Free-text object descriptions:
◇ ◇ ◇ ◇ ◇
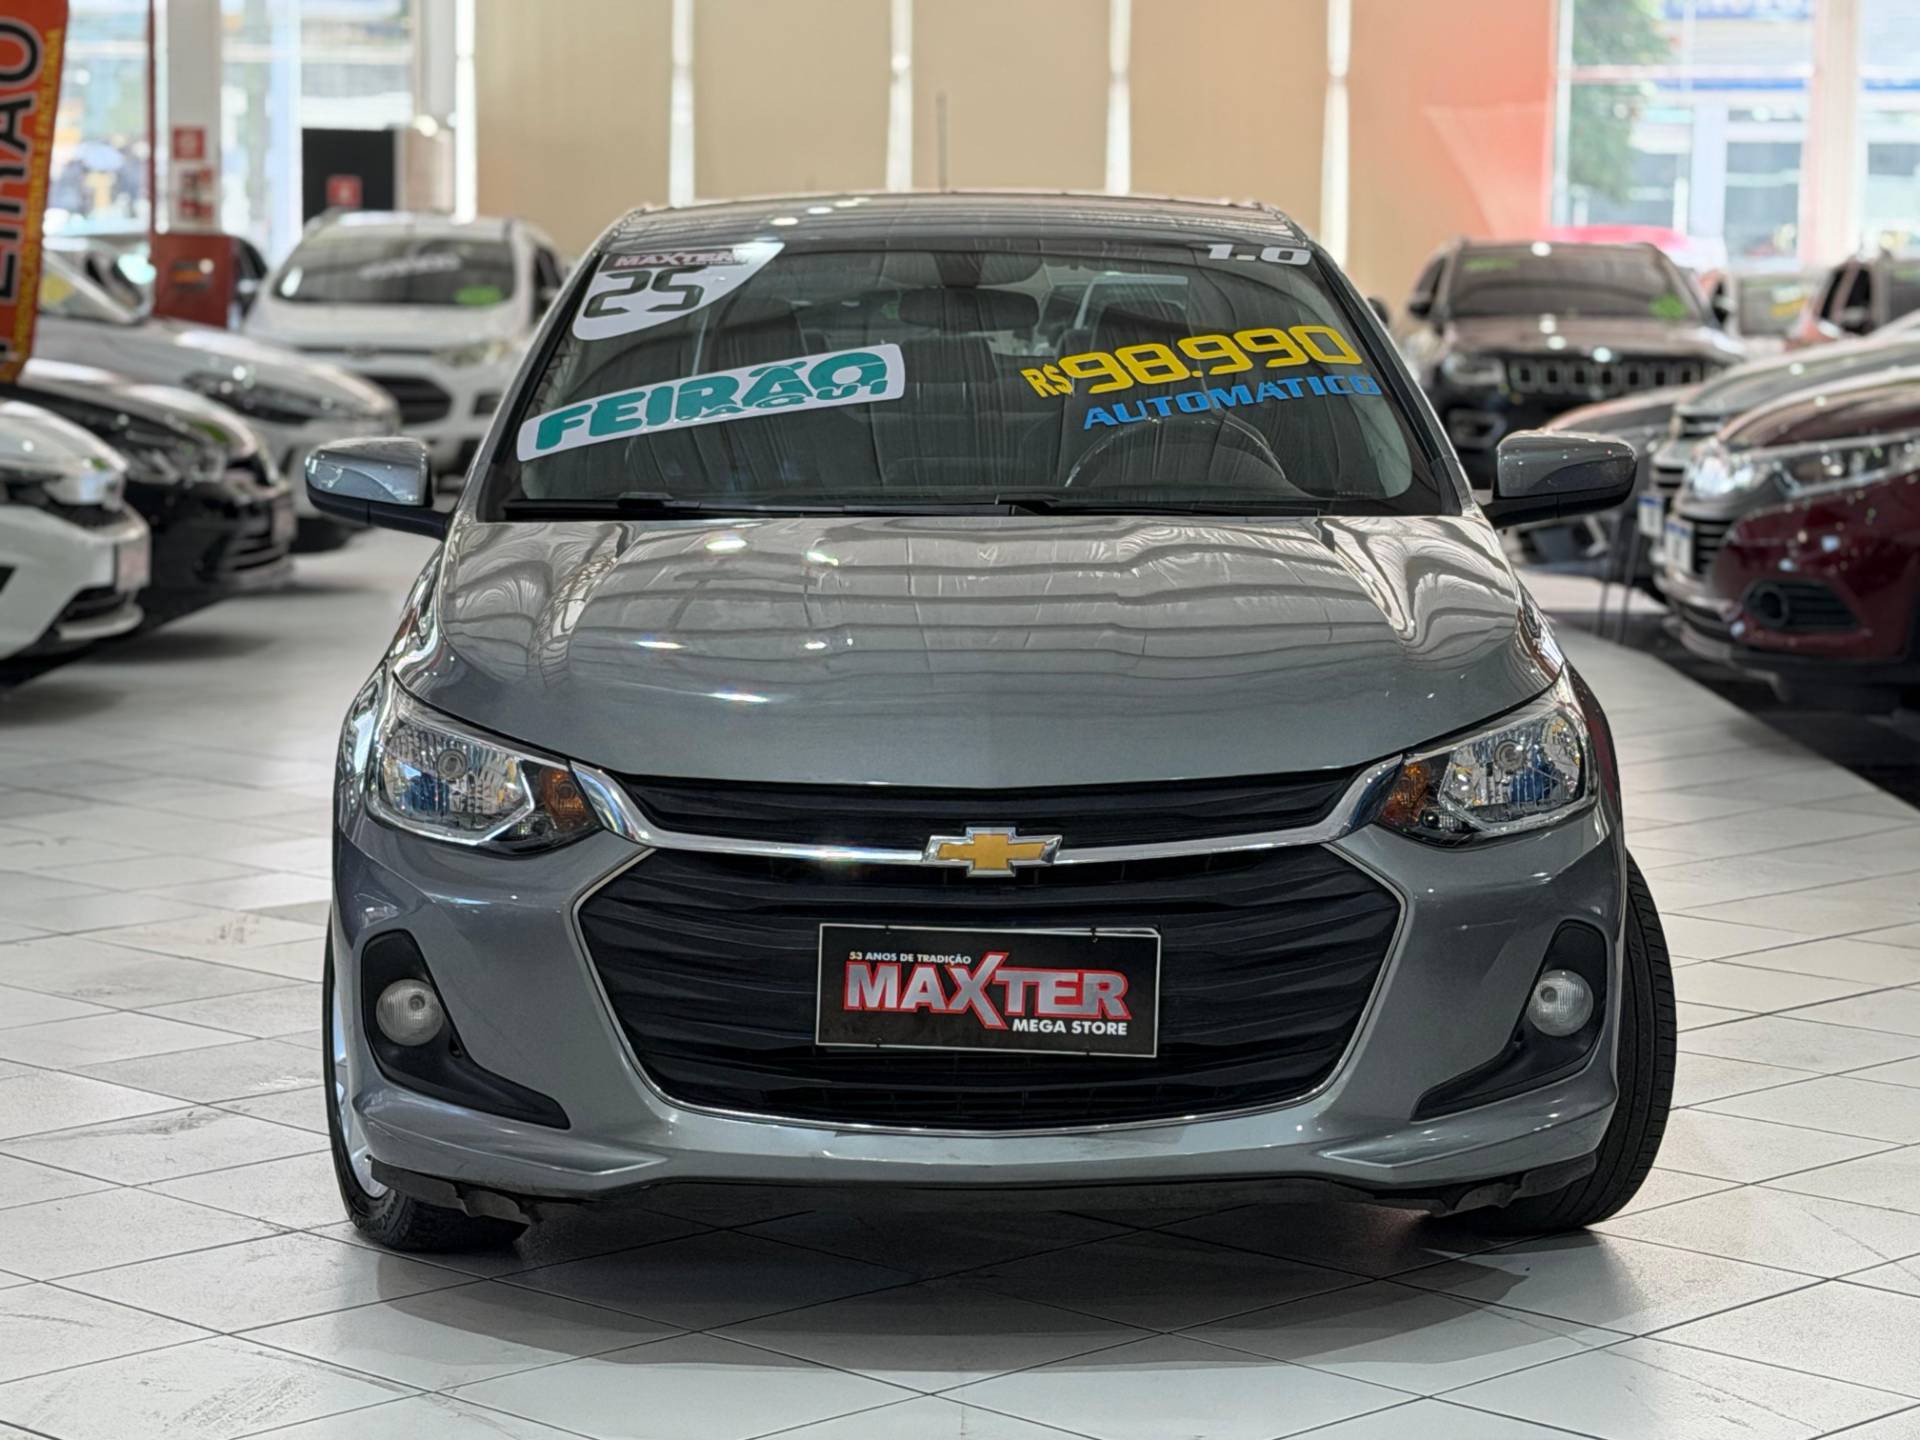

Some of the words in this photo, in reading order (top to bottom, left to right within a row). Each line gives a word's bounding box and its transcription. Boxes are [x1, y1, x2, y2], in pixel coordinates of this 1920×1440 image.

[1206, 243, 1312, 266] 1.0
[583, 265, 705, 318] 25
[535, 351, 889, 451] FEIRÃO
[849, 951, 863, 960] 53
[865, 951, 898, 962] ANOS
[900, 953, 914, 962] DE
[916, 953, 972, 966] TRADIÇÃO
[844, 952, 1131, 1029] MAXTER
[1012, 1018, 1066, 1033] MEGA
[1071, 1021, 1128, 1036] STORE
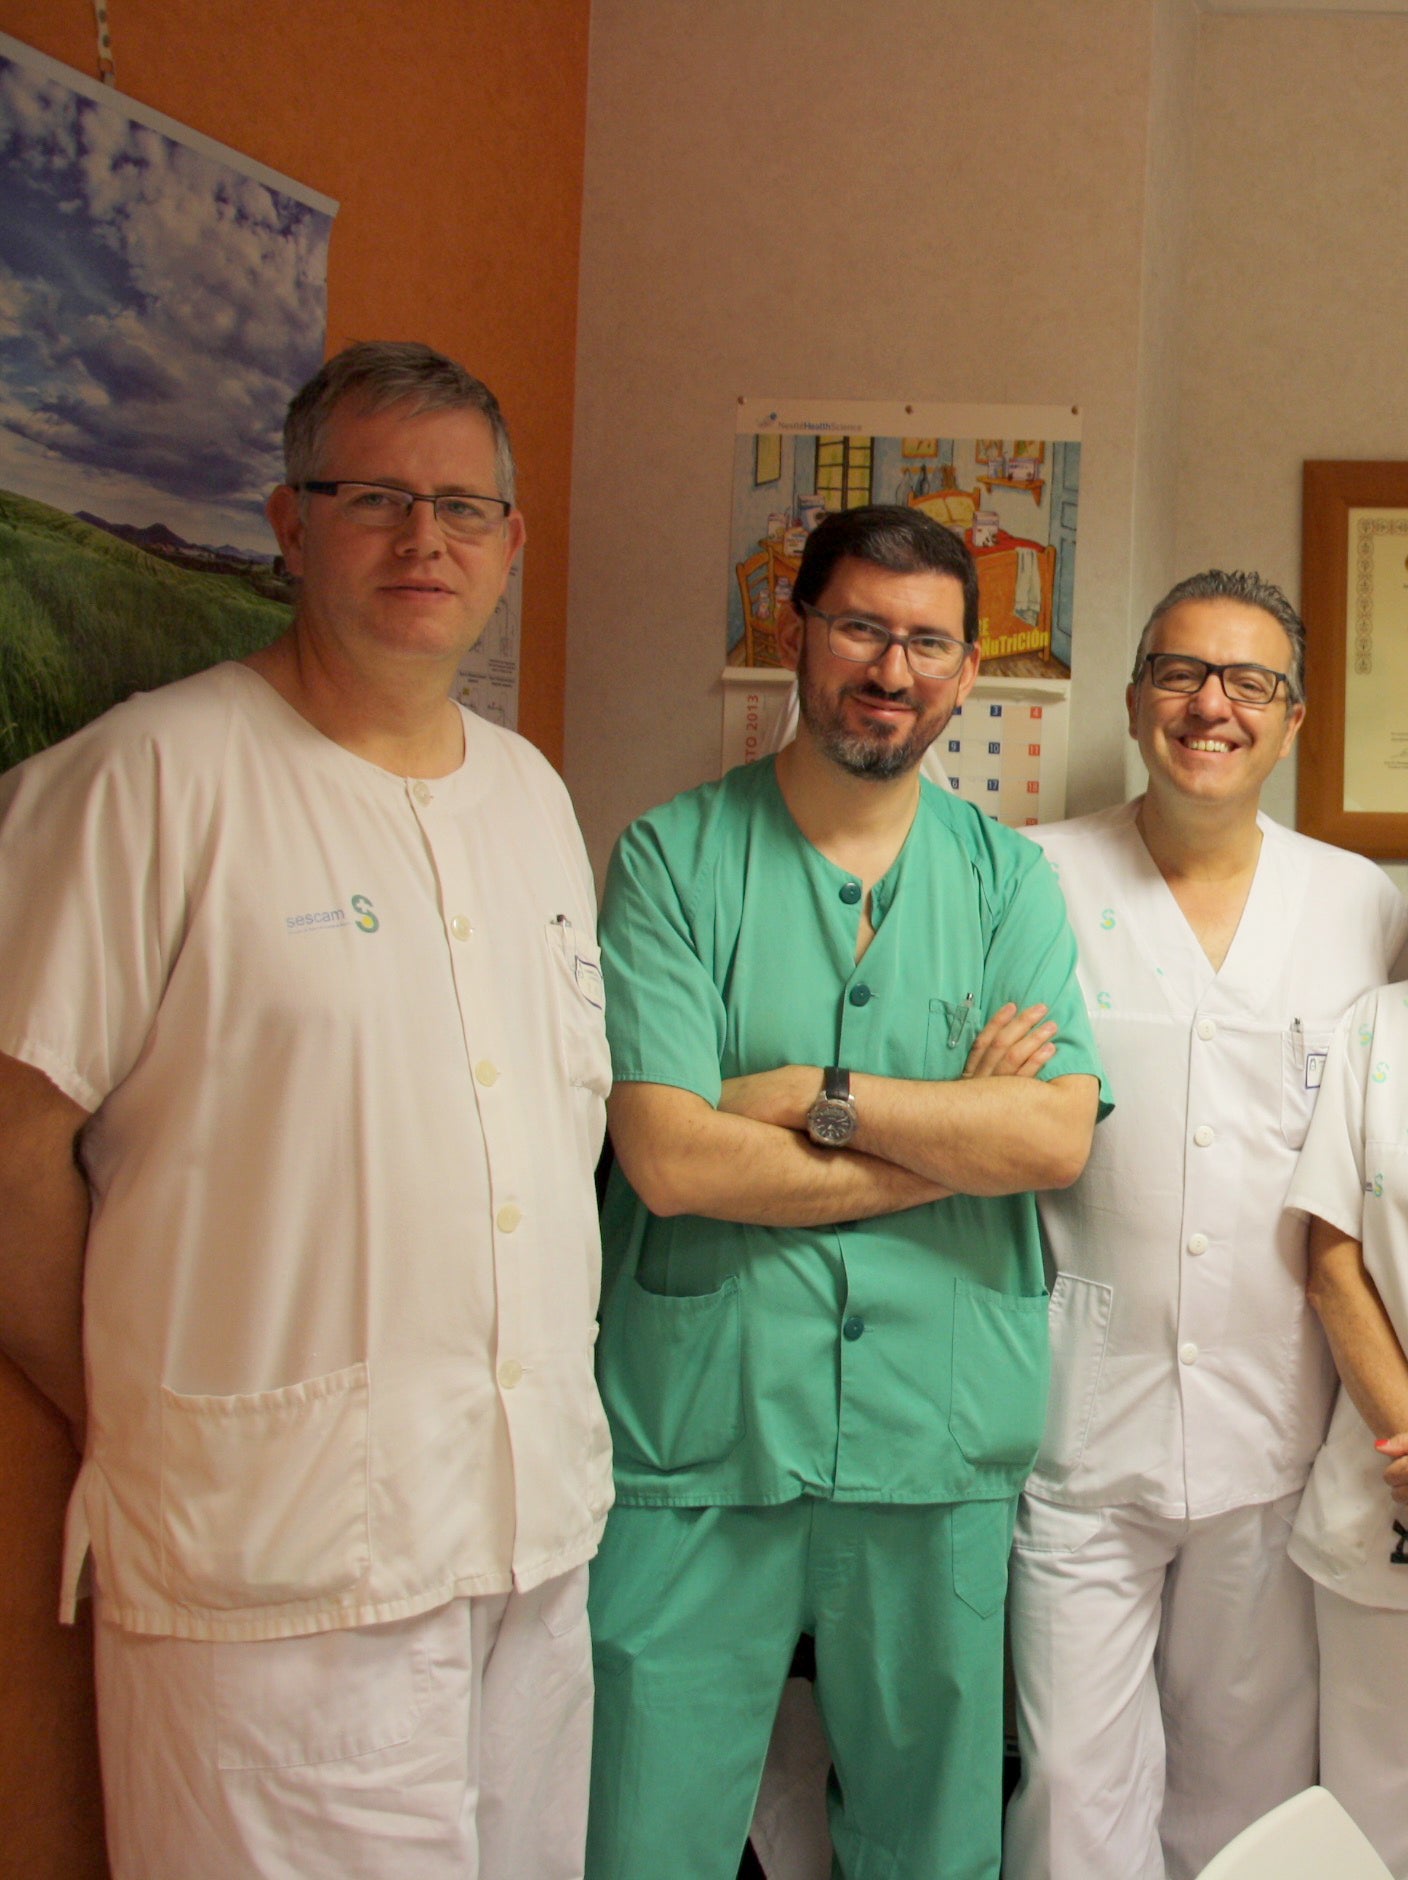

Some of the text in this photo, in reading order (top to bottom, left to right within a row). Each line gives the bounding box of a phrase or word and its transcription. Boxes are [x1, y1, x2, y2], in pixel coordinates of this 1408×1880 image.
◇ ◇ ◇ ◇ ◇
| What the task asks |
Output every record above exactly as written, but skip the pictures.

| Solution for this problem |
Some of the words in this photo, in reading order (top to bottom, left to right within a row). Each line gives a word's bounding box and its transcription. Boxes are [x1, y1, x2, y2], in pixel coordinates of this 1920×1440 image.

[1206, 243, 1312, 266] 1.0
[583, 265, 705, 318] 25
[535, 351, 889, 451] FEIRÃO
[849, 951, 863, 960] 53
[865, 951, 898, 962] ANOS
[900, 953, 914, 962] DE
[916, 953, 972, 966] TRADIÇÃO
[844, 952, 1131, 1029] MAXTER
[1012, 1018, 1066, 1033] MEGA
[1071, 1021, 1128, 1036] STORE

Some of the text in this photo, in reading order (top to bottom, left to right within a row). Each line gives the bounding box of a phrase or word and its transcription. Boxes are [x1, y1, x2, y2], in pixel coordinates of this 1408×1880 image.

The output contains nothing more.